Quizás se deba a que no he recorrido los kilómetros necesarios y prefiero guardar silencio. La mayor profundidad en mí es ahora la del silencio. La mayor profundidad consiste en el vacío en que caemos todos. Periodistas pornográficos revolcándose por la desgracia de los valencianos para una mejor puesta en escena, Mazón en una comida de varias horas con la periodista Maribel Vilaplana para ofrecerle la dirección de la televisión pública, mientras los valencianos tenían el agua ya por las rodillas, unos políticos insultando a otros, otros insultando a unos. El negacionismo climático mata más que la catástrofe climática. Informarse sobre la DANA por lo que dice un experto de ovnis, mata. Grabarse haciendo como que lloras, mata. Afirmar que la DANA es producto de un “ataque meteorológico” de Marruecos, mata. Darle las “gracias a Dios y al innombrable Francisco Franco que desvió el cauce del Turia”, mata. Afirmar que hay 1.000 fallecidos en un parking sin una sola prueba, mata. La proliferación de organizaciones ultraderechistas, mata. La obcecación por el ladrillo, mata. Afirmar que la DANA se ha provocado para arruinar la cosecha de naranjas en Valencia y favorecer a Marruecos, mata. Negacionistas, conspiranoicos, terraplanistas, fake news, bulos: el mundo se está muriendo por la ignorancia y el odio, pero también por las palabras vacías.

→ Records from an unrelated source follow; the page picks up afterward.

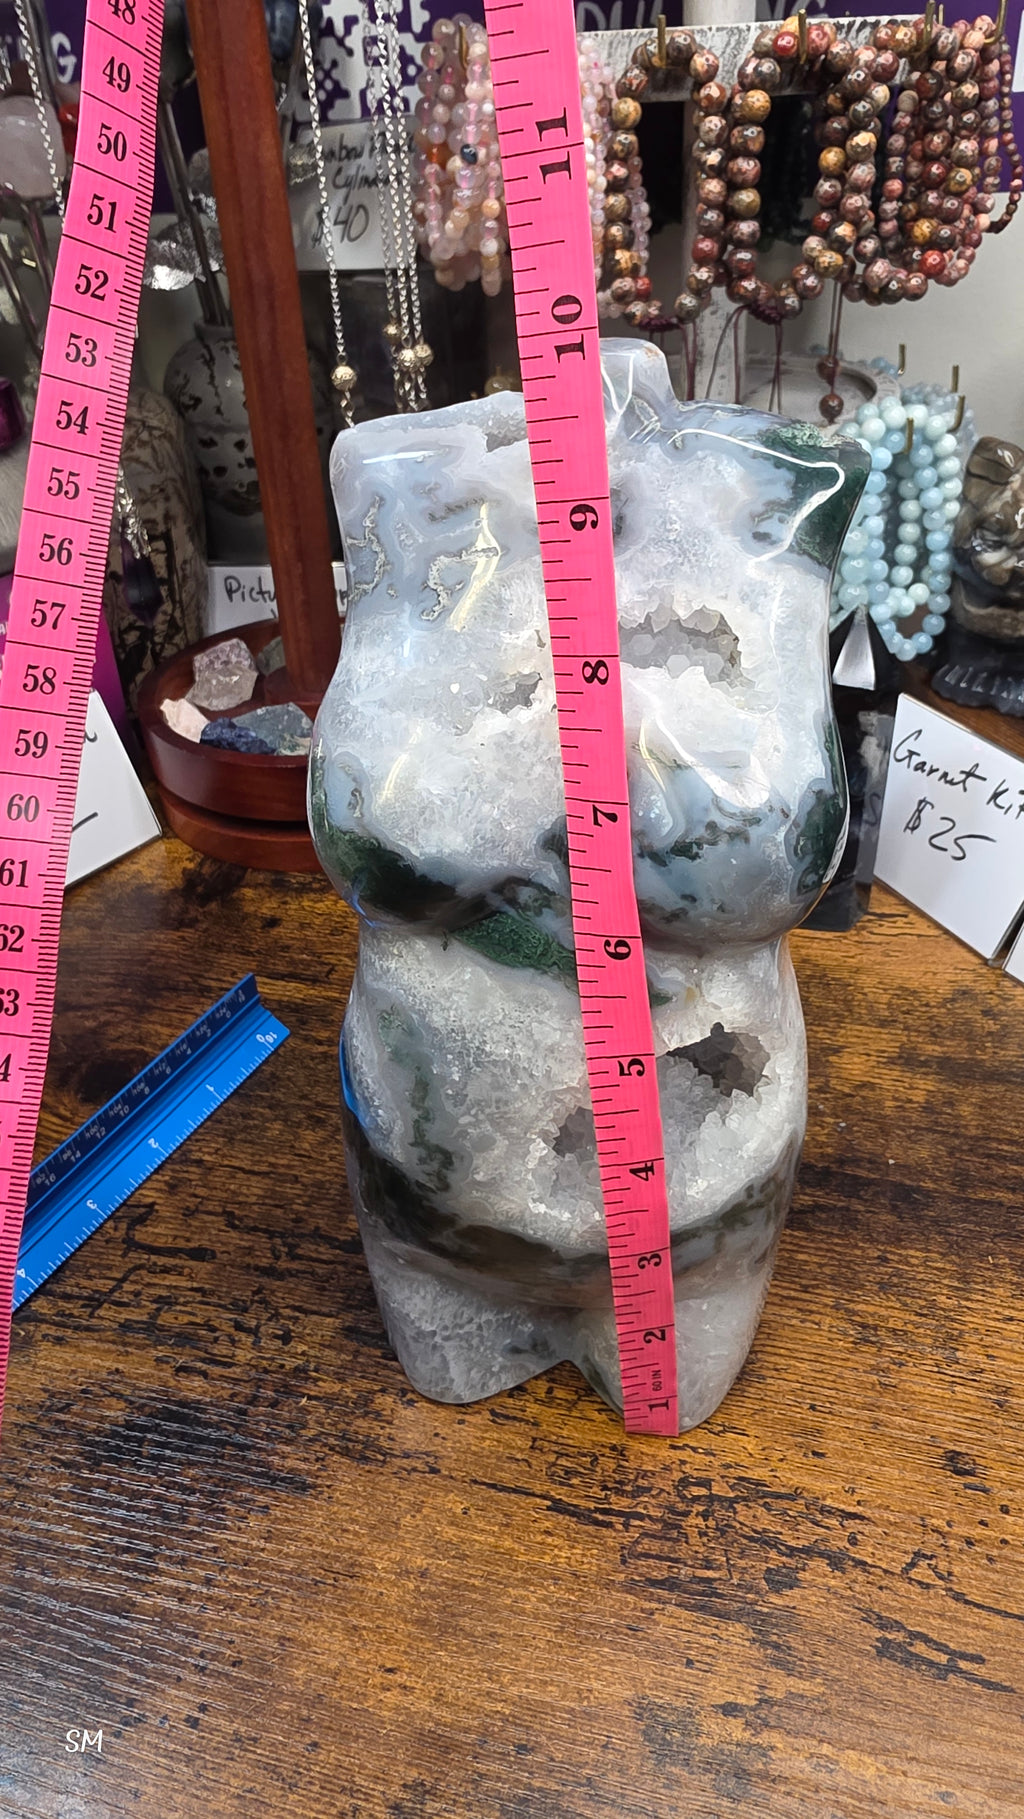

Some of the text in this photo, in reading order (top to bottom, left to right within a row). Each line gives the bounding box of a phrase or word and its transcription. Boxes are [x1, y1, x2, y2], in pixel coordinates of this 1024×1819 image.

[102, 56, 131, 93] 49
[97, 122, 128, 162] 50
[535, 107, 572, 184] 11
[87, 193, 117, 233] 51
[75, 264, 109, 301] 52
[551, 294, 586, 364] 10
[65, 332, 98, 367] 53
[56, 400, 89, 435] 54
[47, 467, 80, 500] 55
[569, 503, 599, 531] 9
[39, 533, 73, 566] 56
[31, 599, 66, 630] 57
[22, 664, 57, 695] 58
[581, 658, 609, 686] 8
[14, 729, 49, 759] 59
[893, 729, 987, 793] Garnet
[6, 794, 40, 823] 60
[592, 804, 618, 827] 7
[903, 797, 997, 861] $25
[0, 858, 29, 888] 61
[604, 939, 632, 960] 6
[617, 1058, 645, 1077] 5
[629, 1161, 655, 1182] 4
[86, 1199, 98, 1210] 3
[637, 1253, 662, 1270] 3
[643, 1328, 666, 1344] 2
[647, 1399, 669, 1412] 1

Me digo que no pasa nada por quedarse sin palabras en este circo, por asumir la tarea de tomar distancia, de caminar unos kilómetros e intentar auscultar el latido de una sociedad que a ratos me parece enferma, a ratos convaleciente, a ratos podrida; de una sociedad donde prima la rapidez, los 140 caracteres y las imágenes descontextualizadas.
Ya en casa de mis padres, rescato bagatelas de la que fue mi habitación de adolescente. En cada visita, elijo una o dos que me hablen de ese mundo que una vez habité y que me cuenten una historia, que me anclen a ella en esta modernidad líquida. De nuevo pienso en todos los objetos perdidos por la DANA, no por su fisicidad, claro, sino por las historias que cuentan de las vidas de los desaparecidos. Elijo una chaqueta tres cuartos de hace 30 años color flor de azafrán que compré en un Zara –cuando aún compraba en Zara– para una de mis primeras entrevistas de trabajo. La prenda es ahora dos cosas a la vez: la historia de la que un día fui (la inseguridad de los primeros coqueteos laborales, el temblor, la boca seca) y el relato que me cuentan los hilos tejidos de esta chaqueta sobre la España de los ochenta.

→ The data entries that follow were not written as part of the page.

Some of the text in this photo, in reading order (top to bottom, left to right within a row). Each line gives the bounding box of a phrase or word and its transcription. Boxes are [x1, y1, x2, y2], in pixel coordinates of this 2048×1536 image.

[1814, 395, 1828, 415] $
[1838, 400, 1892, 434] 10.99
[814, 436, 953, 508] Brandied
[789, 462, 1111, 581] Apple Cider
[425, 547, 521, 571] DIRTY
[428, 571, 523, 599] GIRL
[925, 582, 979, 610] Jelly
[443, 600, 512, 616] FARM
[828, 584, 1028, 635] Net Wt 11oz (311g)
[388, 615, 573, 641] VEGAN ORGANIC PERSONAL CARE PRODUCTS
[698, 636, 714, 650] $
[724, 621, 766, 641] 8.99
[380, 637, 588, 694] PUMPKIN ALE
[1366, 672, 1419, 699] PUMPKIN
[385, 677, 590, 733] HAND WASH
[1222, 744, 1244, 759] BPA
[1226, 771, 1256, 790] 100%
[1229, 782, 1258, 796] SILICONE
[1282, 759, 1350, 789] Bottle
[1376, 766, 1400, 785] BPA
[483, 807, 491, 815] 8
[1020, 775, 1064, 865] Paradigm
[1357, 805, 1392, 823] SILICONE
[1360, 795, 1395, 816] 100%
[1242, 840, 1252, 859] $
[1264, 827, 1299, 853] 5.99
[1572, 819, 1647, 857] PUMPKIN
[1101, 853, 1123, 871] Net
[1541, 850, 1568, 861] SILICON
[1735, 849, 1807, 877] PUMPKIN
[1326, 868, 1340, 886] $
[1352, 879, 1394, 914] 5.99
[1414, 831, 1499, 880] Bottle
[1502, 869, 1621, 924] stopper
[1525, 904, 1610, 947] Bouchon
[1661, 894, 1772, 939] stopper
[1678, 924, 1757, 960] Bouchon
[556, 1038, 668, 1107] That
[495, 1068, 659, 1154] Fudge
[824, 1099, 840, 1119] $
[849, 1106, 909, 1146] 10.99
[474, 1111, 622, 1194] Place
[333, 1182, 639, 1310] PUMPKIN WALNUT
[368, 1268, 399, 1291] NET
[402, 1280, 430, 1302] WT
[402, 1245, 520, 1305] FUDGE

Cojo algunos chismes de la cultura pop escondidos en mi antigua habitación porque el 20 de noviembre presento la novela de Nuria Pérez, “No tocarás”, artífice del tan premiado podcast “Gabinete de curiosidades” y que tan bien ha recreado la vida de aquellos objetos que nos narran.

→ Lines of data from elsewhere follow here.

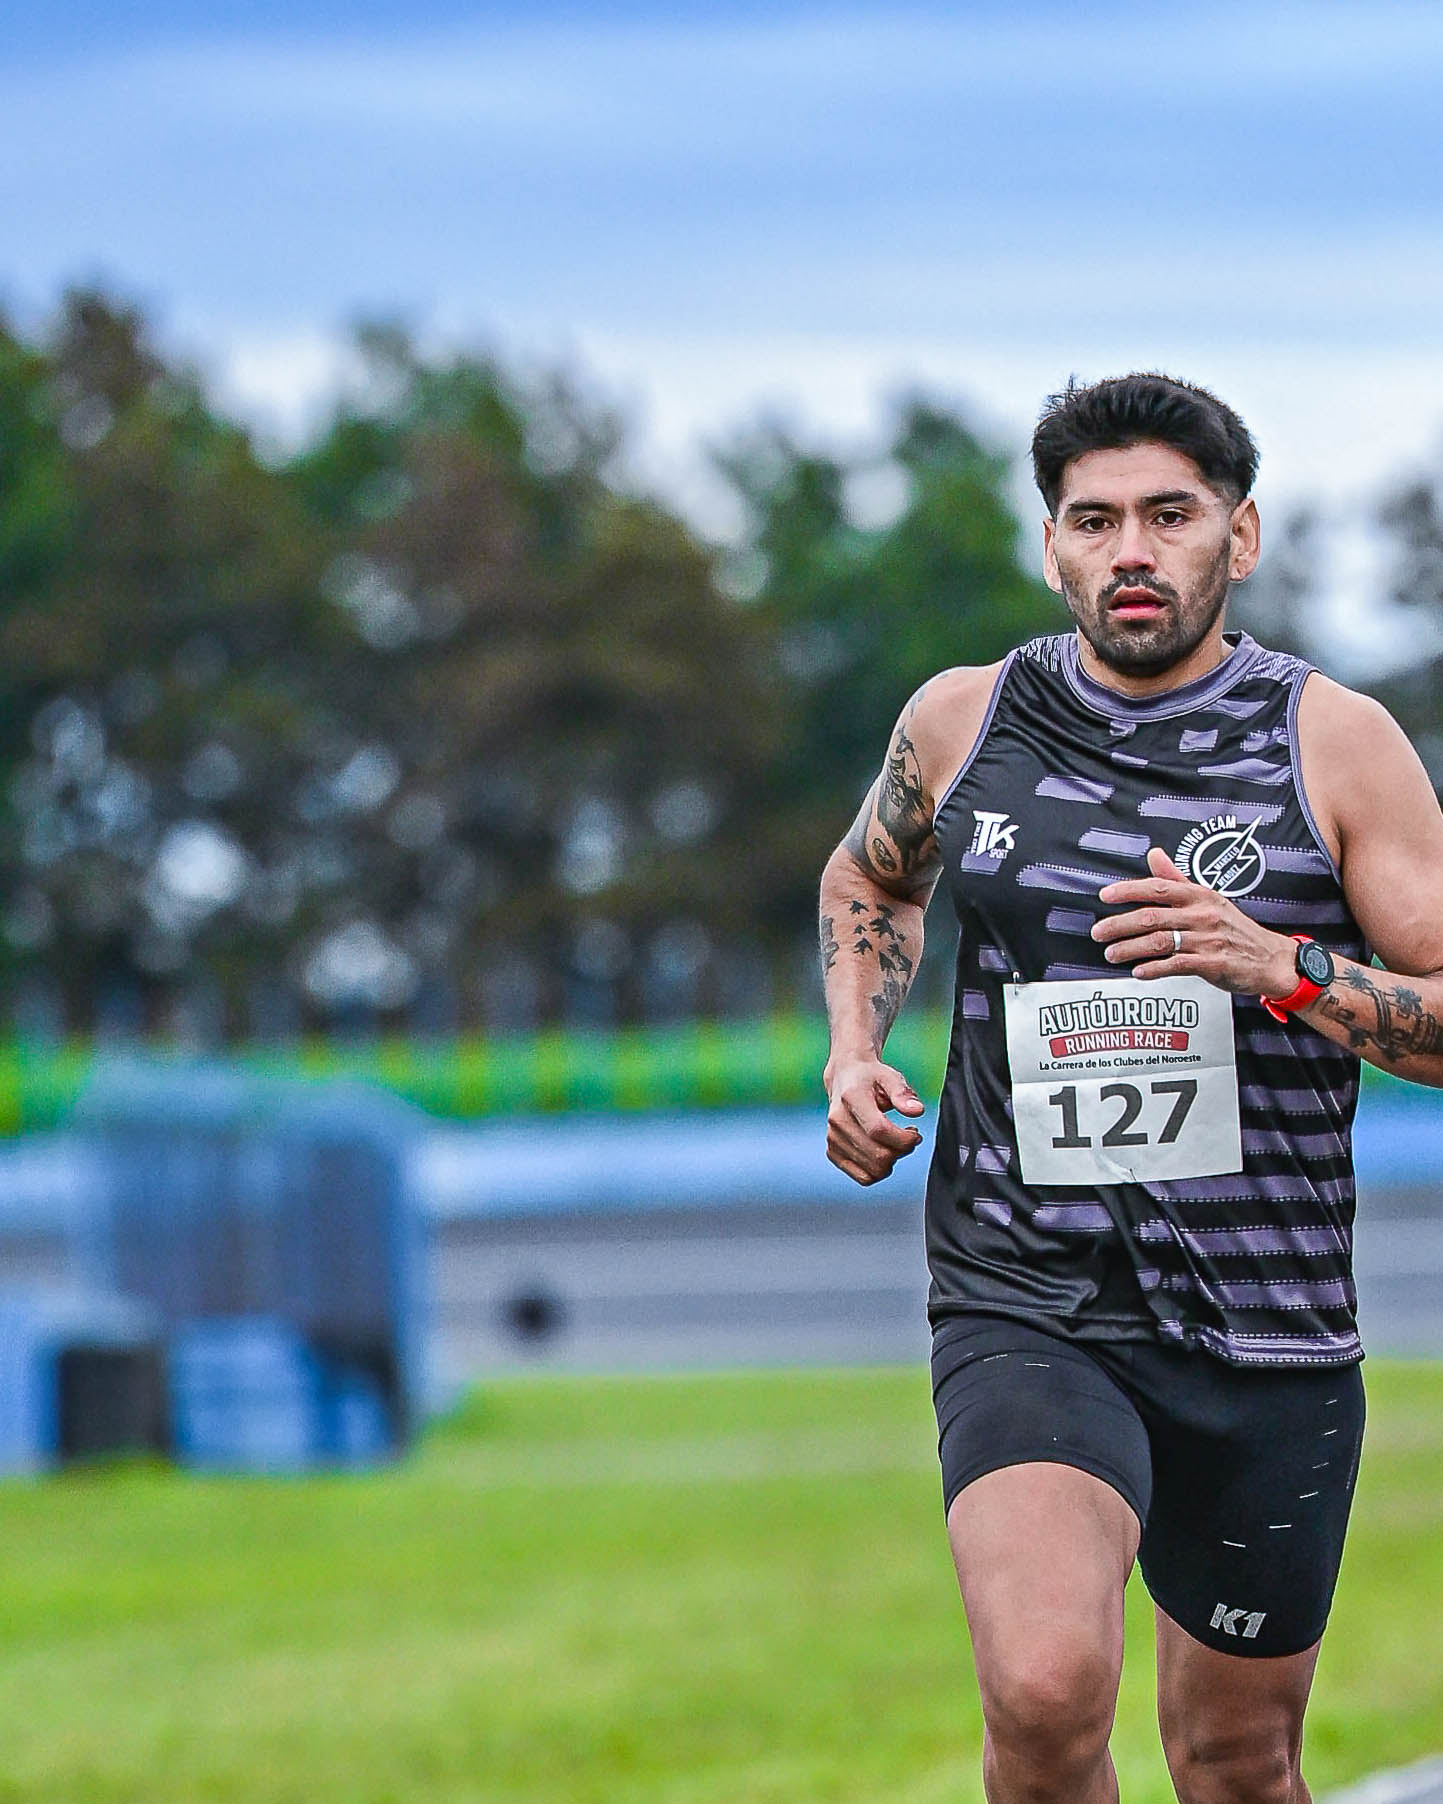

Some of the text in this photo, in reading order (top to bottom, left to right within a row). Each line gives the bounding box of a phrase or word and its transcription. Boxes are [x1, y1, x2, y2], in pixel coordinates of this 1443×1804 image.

[972, 810, 1020, 857] TK
[1200, 816, 1236, 834] TEAM
[989, 848, 1009, 859] SPORT
[1039, 991, 1199, 1036] AUTÓDROMO
[1064, 1031, 1173, 1054] RUNNING RACE
[1039, 1054, 1202, 1071] La Carrera de los Clubes del Noroeste
[1048, 1079, 1198, 1149] 127
[1209, 1602, 1267, 1638] K1

Ya en casa, me dispongo a lavar la chaqueta. Miro la etiqueta: “Hecha en España”. La primera tienda de Zara fue abierta en mayo de 1975, en Coruña. Luego vino el “boom” textil de los años 80 en Galicia, la formación de pequeños talleres y cooperativas de costureras en exclusividad. Cientos de mujeres gallegas del medio rural trabajaron durante aquella época como subcontratas para Zara. Luego vino la deslocalización hacia el sur. Recuerdo entonces ese otro titular reciente: Amancio Ortega pone a disposición un fondo de 100 millones para los afectados por la DANA. No tengo nada que decir. Donde antes ponía España, ahora está escrito Bangladesh. Con la chaqueta puesta, escribo: No se puede hablar de la noche si aún es de noche. Y ya está.